REQUIREMENT
Return all the lines below exactly as written. Drop every picture.

DATA
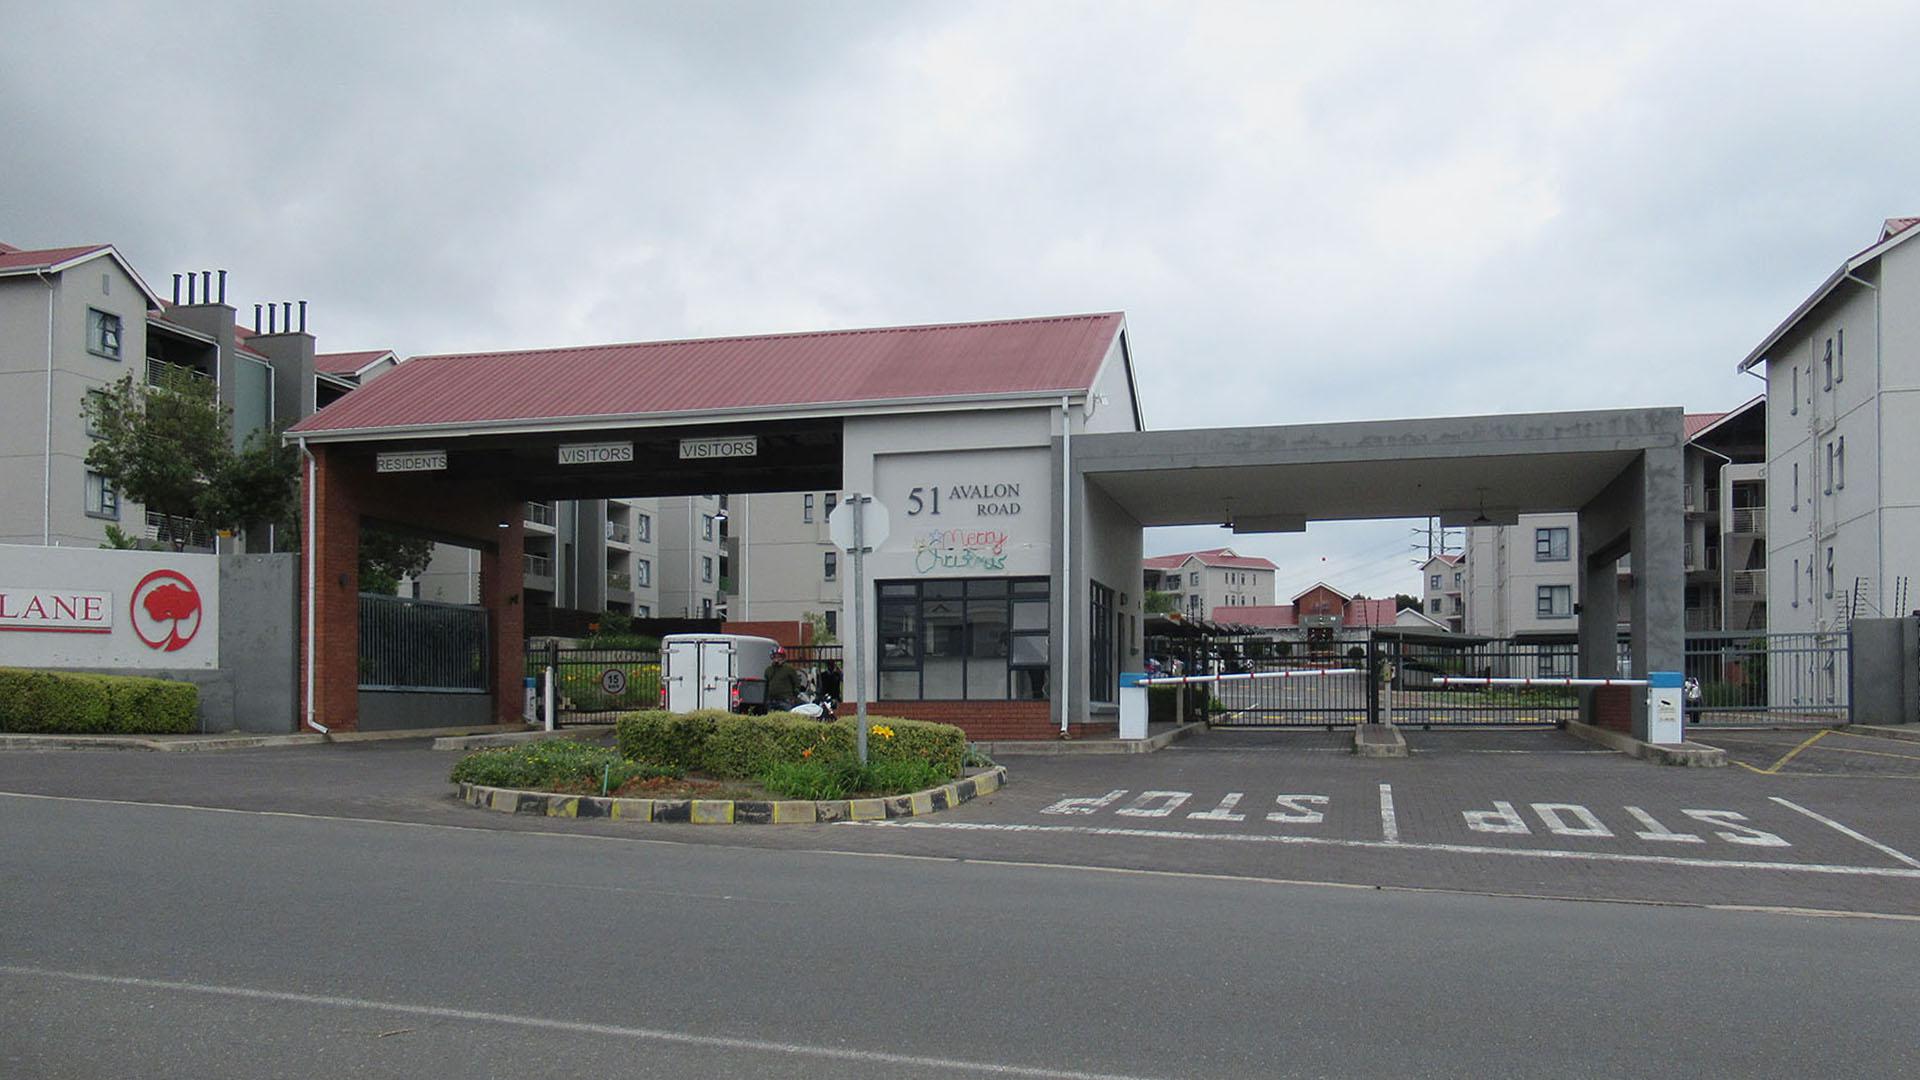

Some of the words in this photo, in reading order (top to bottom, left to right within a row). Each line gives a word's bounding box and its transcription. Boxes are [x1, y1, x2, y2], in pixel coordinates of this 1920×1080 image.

[561, 447, 631, 462] VISITORS
[679, 441, 754, 457] VISITORS
[377, 456, 447, 471] RESIDENTS
[907, 486, 941, 516] 51
[948, 483, 1020, 500] AVALON
[976, 502, 1021, 516] ROAD
[942, 528, 1008, 555] Merry
[0, 593, 104, 621] LANE
[608, 674, 620, 684] 15
[1039, 789, 1330, 824] STOP
[1462, 800, 1793, 847] STOP

RESPONSE TO THE EXERCISE
Some of the words in this photo, in reading order (top to bottom, left to right within a row). Each line gives a word's bounding box and its transcription. Boxes are [x1, y1, x2, y2], in pixel coordinates of this 1920×1080 image.

[561, 447, 631, 462] VISITORS
[679, 441, 754, 457] VISITORS
[377, 456, 447, 471] RESIDENTS
[907, 486, 941, 516] 51
[948, 483, 1020, 500] AVALON
[976, 502, 1021, 516] ROAD
[942, 528, 1008, 555] Merry
[0, 593, 104, 621] LANE
[608, 674, 620, 684] 15
[1039, 789, 1330, 824] STOP
[1462, 800, 1793, 847] STOP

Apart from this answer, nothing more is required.